I'm reading Matthew Stewart's "The Courtier and the Heretic: Leibniz, Spinoza, and the Fate of God in the Modern World." Stewart says:
In Spinoza's view, to put it simply, God and Nature are not and never will be in conflict for the simple reason that God is Nature…The "Nature" in question here is not of the blooming and buzzing kind (though it would include that, too). It is closer to the "nature" in "the nature of light" or "the nature of man" —that is, the "nature" that is the subject of rational inquiry.
However, it's easier to point to what Spinoza's God isn't, than to what it is, because the philosopher leaves us guessing about some of God's subtler qualities. However, Stewart says, this much is clear:
Spinoza's God is not the God of Sunday school and Bible readings. It is not the kind of supernatural being who wakes up one morning, decides to create a world, and then stands back at the end of the week to admire his achievement.
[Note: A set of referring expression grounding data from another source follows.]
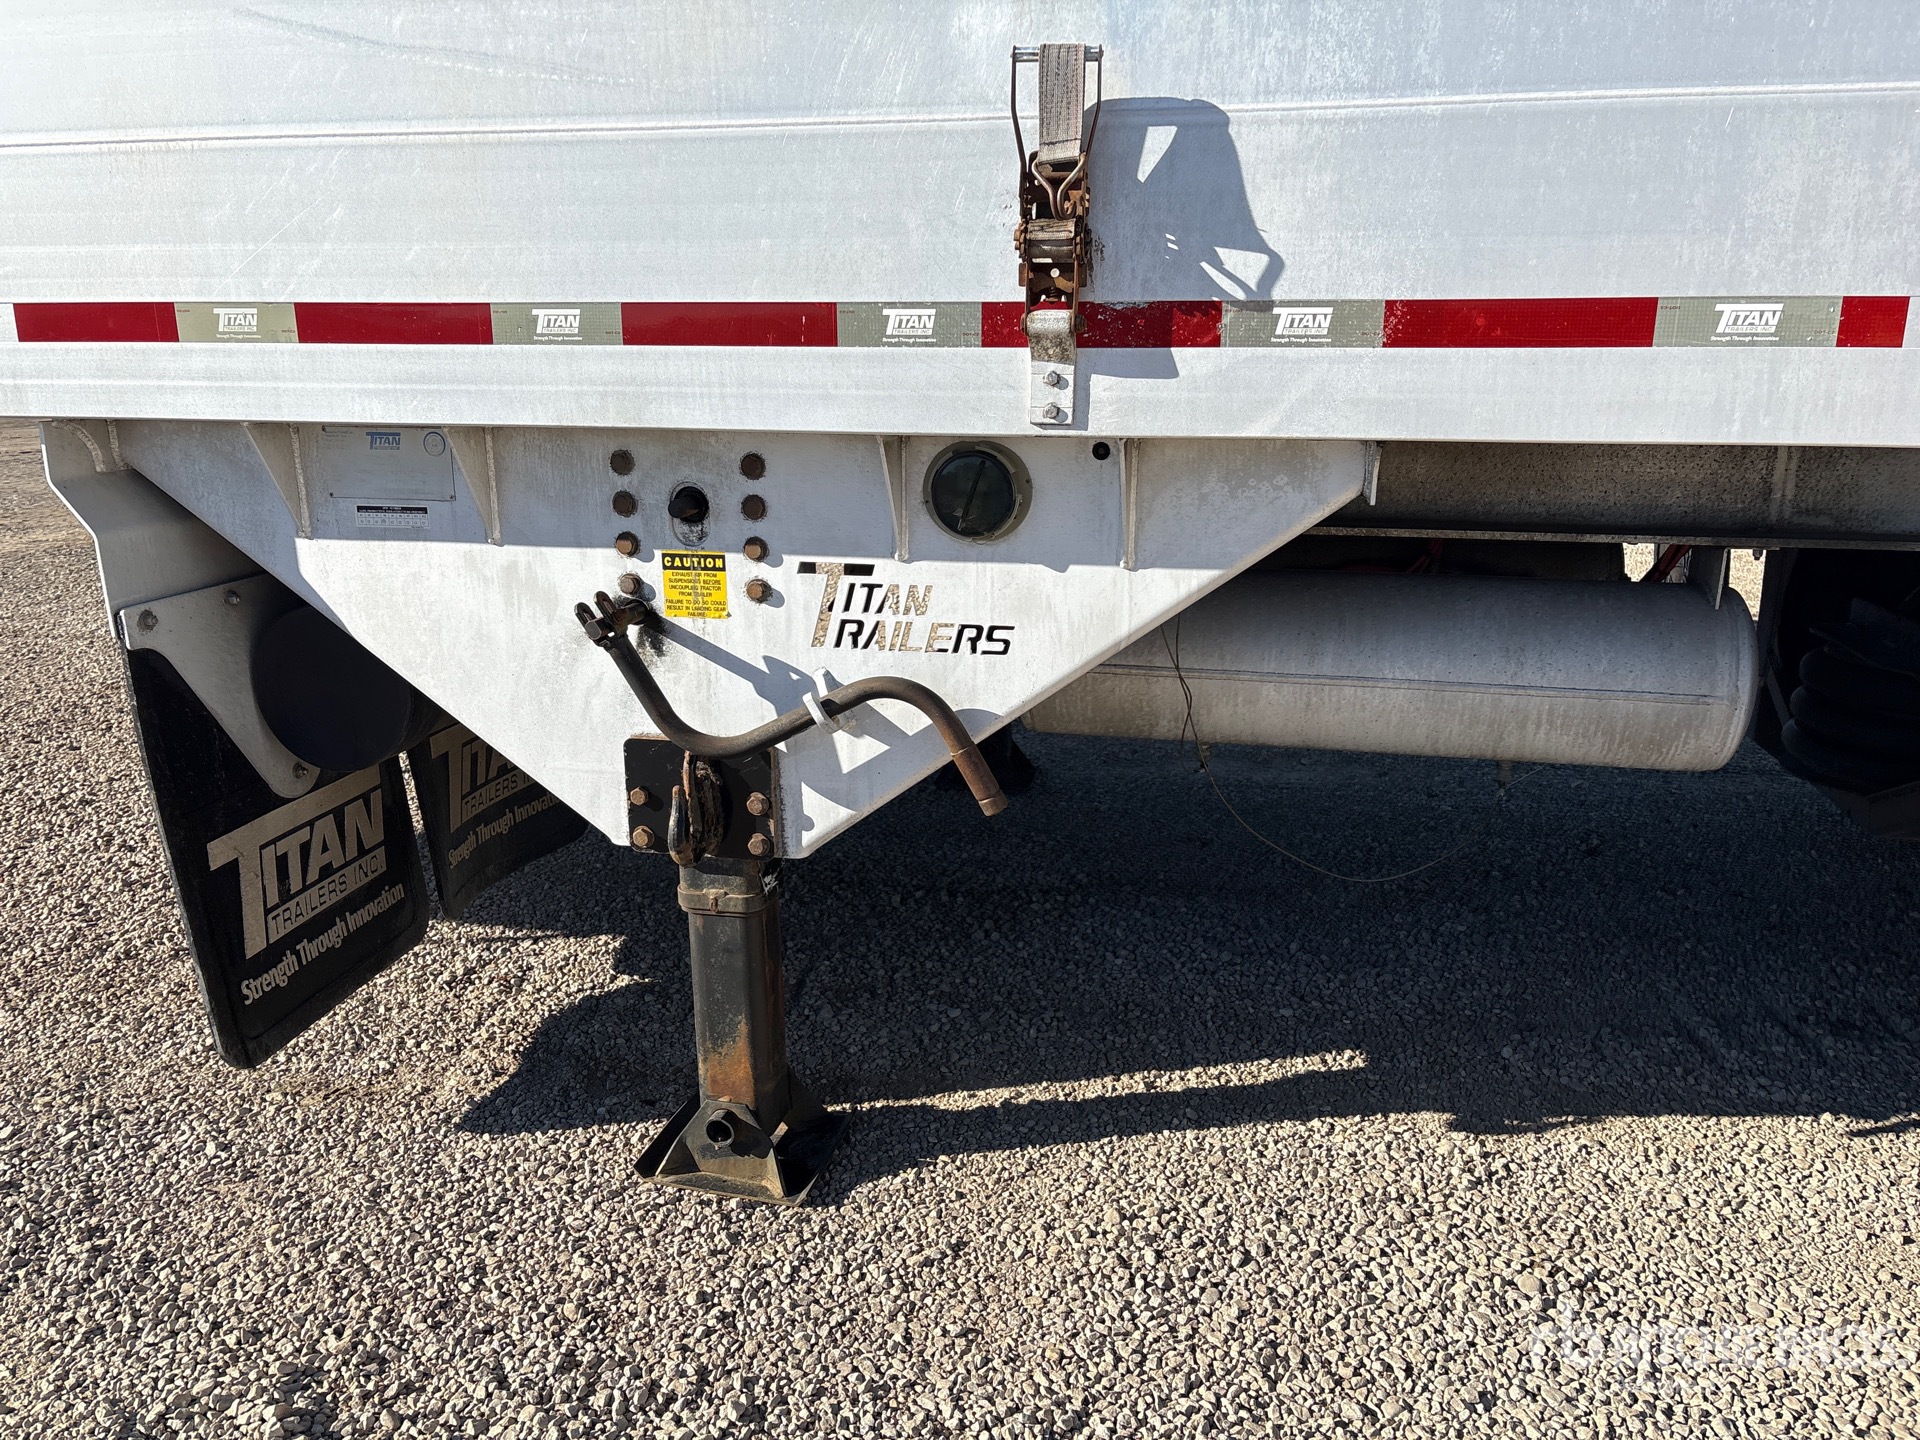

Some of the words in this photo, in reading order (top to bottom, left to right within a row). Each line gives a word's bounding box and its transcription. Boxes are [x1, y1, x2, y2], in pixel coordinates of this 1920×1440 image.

[213, 308, 257, 332] TITAN
[531, 308, 581, 334] TITAN
[882, 308, 936, 335] TITAN
[1272, 306, 1334, 335] TITAN
[1715, 303, 1784, 333] TITAN
[365, 431, 401, 450] TITAN
[663, 556, 723, 568] CAUTION
[796, 560, 934, 648] TITAN
[429, 722, 520, 834] TITA
[463, 773, 519, 821] TRAILERS
[475, 808, 515, 845] Through
[206, 763, 385, 960] TITAN
[270, 877, 348, 936] TRAILERS
[240, 949, 300, 1006] Strength
[296, 917, 348, 966] Through
[345, 882, 405, 932] Innovation
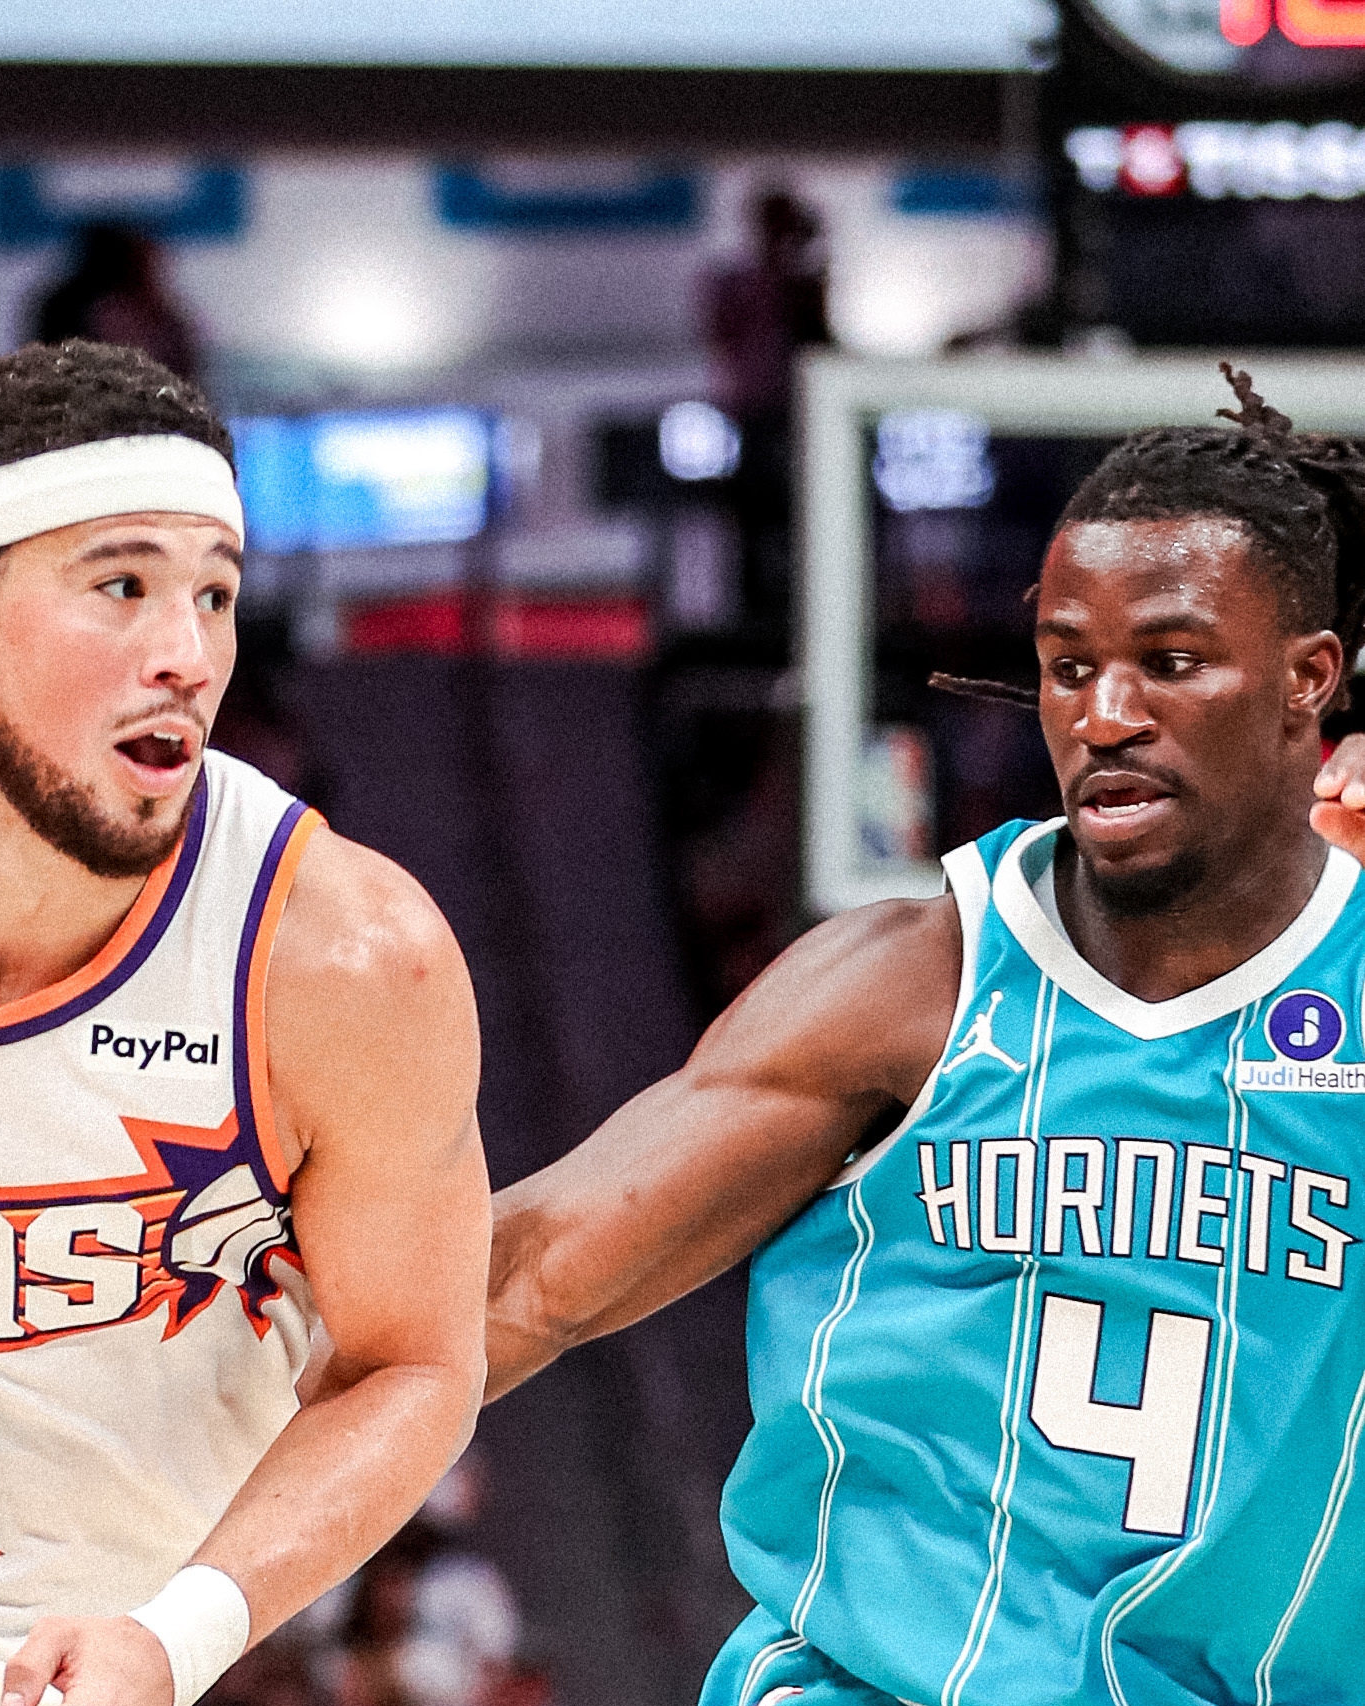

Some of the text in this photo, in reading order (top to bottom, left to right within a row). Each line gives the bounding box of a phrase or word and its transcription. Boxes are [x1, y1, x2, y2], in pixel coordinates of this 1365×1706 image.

[1173, 119, 1365, 200] TISS
[90, 1024, 220, 1069] PayPal
[1241, 1065, 1365, 1089] Judi Health
[915, 1136, 1363, 1290] HORNETS
[1029, 1291, 1214, 1538] 4
In fact, God has no "personality" at all: it isn't male or female; it has no hair, likes or dislikes, is not right- or left- handed; it does not sleep, dream, love, hate, decide, or judge; it has no "will" or "intellect" in the way we understand those terms.
Well, if God is Nature, where's the need to add something abstract called "God" to the concrete reality of the natural world? I find myself asking this question quite often, generally to myself. For I'm fond of using "God" to mean the totality of everything in existence.
When I type out or speak that word, "God," increasingly it seems unnecessary to me. Why don't I simply say "reality," "existence," or "cosmos"? It's as if I've broken up with someone once dear to me and I can't bring myself to take her photo off of the bedside table.
If we no longer have a relationship, why am I still relating?
Once in a while I also find myself talking to the guru who I used to believe was part and parcel of my innermost being. Now I don't. Yet out of habit I sometimes have a (one-sided) conversation with him.
Of course, now and then I do that with my mother, who also is dead, and I have almost zero confidence that she's capable of hearing me.
So I'm having to face some contradictions in myself. Which is a good thing. More and more I catch myself when I start to fall back into old anthropomorphic religious habits, such as looking upon really real reality as being something transcendent and apart, rather than right here and now.
According to Spinoza, God or Nature causes the things of the world in the same way that the nature of a coffee, for example, causes it to be black. But we do not usually say that the nature of coffee is divine, so why should we say that Nature is God?
In the Ethics [Spinoza's main writing], as a matter of fact, one can substitute the word "Nature" (or "Substance," or even simply an X) for God throughout, and the logic of the argument changes little, if at all. So why use the term "God" at all?
Looking over Einstein's thoughts about God, religion, and theology, I strongly suspect that he too mostly used the word out of habit and respect for social convention. "God" is a flimsy abstract conception that pales in comparison to the power and glory of nature. Which, naturally, includes us and indeed is us.
I do not believe in a personal God and I have never denied this but have expressed it clearly. If something is in me which can be called religious then it is the unbounded admiration for the structure of the world so far as our science can reveal it.
… A human being is part of the whole called by us universe, a part limited in time and space. We experience ourselves, our thoughts and feelings as something separate from the rest. A kind of optical delusion of consciousness. This delusion is a kind of prison for us, restricting us to our personal desires and to affection for a few persons nearest to us. Our task must be to free ourselves from the prison by widening our circle of compassion to embrace all living creatures and the whole of nature in its beauty.